More garlic? Yes, please.
This recipe introduced me to a new idea for something to make and have around: garlic chips! I think they will be great on top of a pizza, or in a salad, or in a pasta sauce. But for now, they are the star of this fried rice and that’s just fine.
Here’s the step-by-step.
Start with garlic.
Slice it. Try to make all the slices the same width.
Get the garlic into the heated oil.
Keep watching and stirring.
Put the chips on kitchen paper to drain.
Add the ginger to the garlicky oil.
After 2 minutes, pour in the beaten egg and mash it around a bit.
Cooked enough.
Dump in the rice.
Pour in sesame oil.
Press the rice down with a spatula so there is good contact with the wok.
Keep tossing and pressing the rice until it’s browned and crispy.
Add the sliced green onions…
…and half of the garlic chips. Mix that all together.
The Garlickiest Fried Rice.
Here’s the recipe:
https://www.bonappetit.com/recipe/the-garlickiest-fried-rice
The Garlickiest Fried Rice
4 servings
Fried garlic boasts an incredible ease-to-“wow” ratio — put slices of garlic in cold oil, crank the heat, and fish them out when they’re bronzed. But also the oil that’s left behind is a flavour-packed product all its own, just waiting to be whisked into sauces or turned into a cooking medium for the most aromatic fried rice that ever was. Dried-out cooked rice is the best option for stir-fries as the grains will get really crunchy.
Ingredients
8 garlic cloves, thinly sliced
1/3 cup grapeseed or vegetable oil
Kosher salt
1 2″ piece ginger, peeled, finely chopped
1 large egg, beaten to blend
3 cups chilled cooked short-grain rice
2 tsp. toasted sesame oil
4 scallions, thinly sliced on a diagonal
¾ cup coarsely chopped cilantro
2 tsp. toasted sesame seeds
Recipe Preparation
Toss garlic and grapeseed oil in a large nonstick skillet. Arrange garlic in a single layer and set over medium heat. Cook, shaking pan often, until garlic is barely golden and crisp (oil should stop bubbling at this point), about 5 minutes. Using a slotted spoon, transfer garlic chips to paper towels to drain; season with salt.
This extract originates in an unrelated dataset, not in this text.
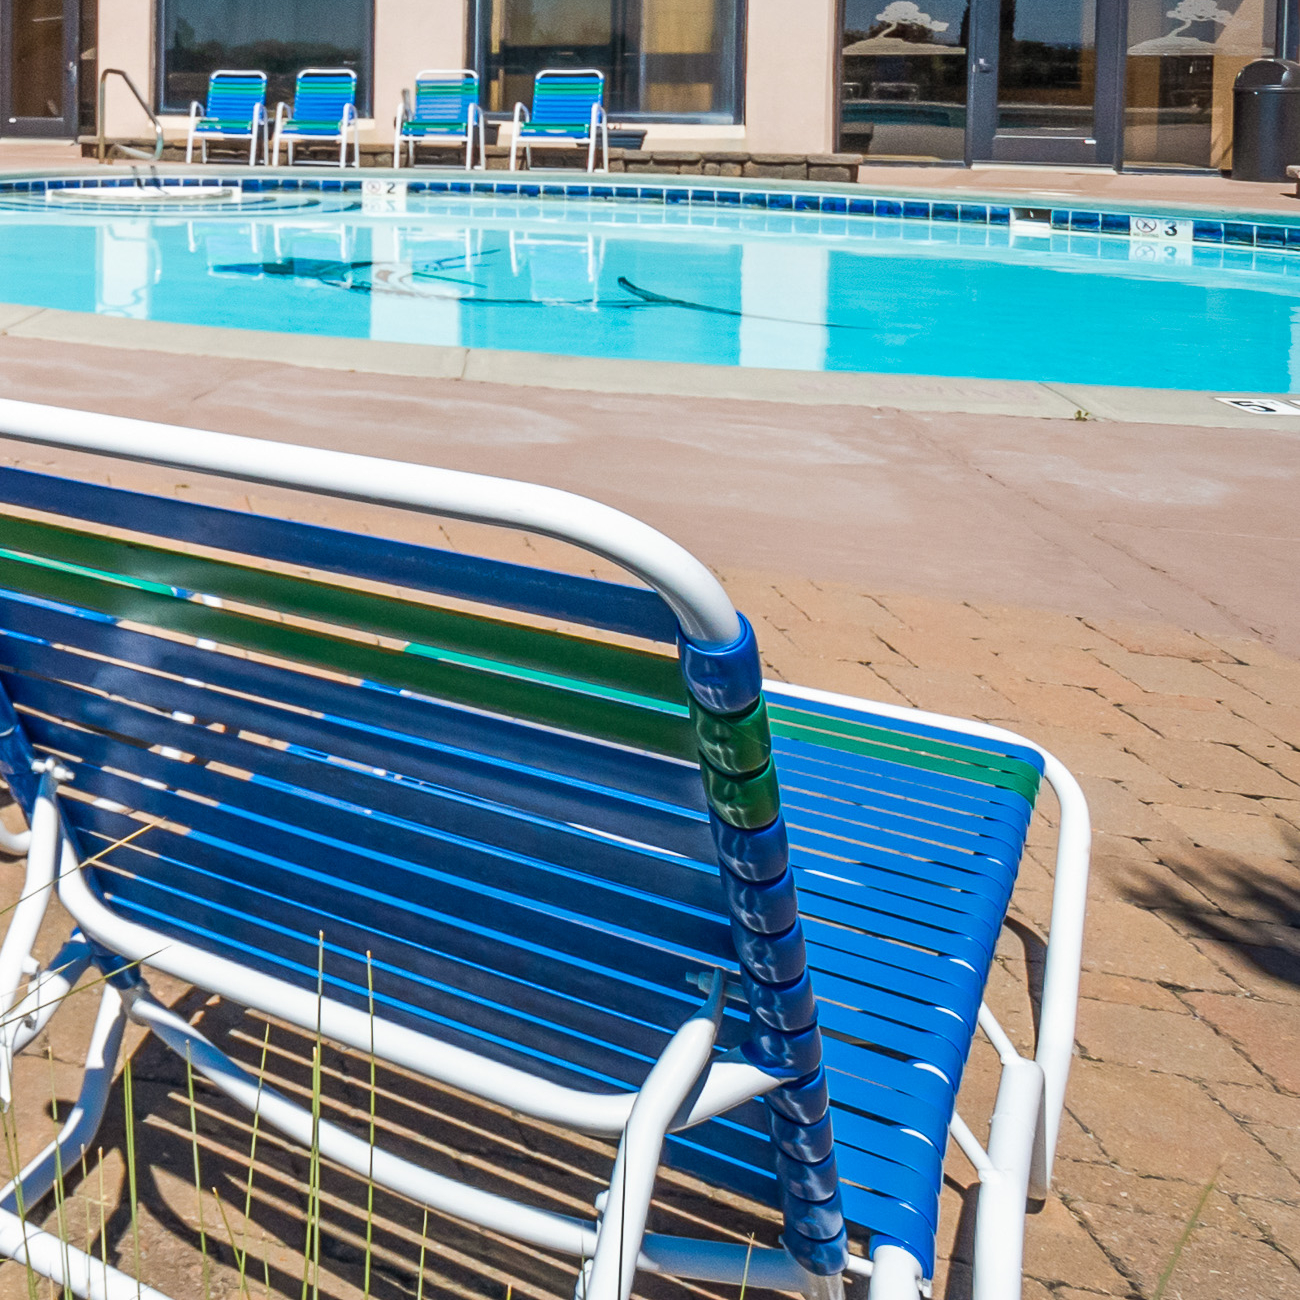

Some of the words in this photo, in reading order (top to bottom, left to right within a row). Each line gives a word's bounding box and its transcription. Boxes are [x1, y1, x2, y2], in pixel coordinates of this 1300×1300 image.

Increase heat to medium-high and cook ginger in oil in the same skillet, stirring occasionally, until just softened and fragrant, about 2 minutes. Add egg and stir to break up; cook until just set (this will take a matter of seconds). Add rice and sesame oil and toss to combine. Cook, undisturbed, pressing down on rice with a spatula so it makes good contact with the pan, until rice begins to crisp, about 2 minutes. Give rice a toss, then press down on it again, cooking until you get more crispy bits, about 2 minutes. Remove skillet from heat and toss in scallions and half of garlic chips; season with salt.
Transfer fried rice to a platter and scatter cilantro, sesame seeds, and remaining garlic chips on top.
Do Ahead: Garlic chips can be made 1 day ahead. Store airtight at room temperature.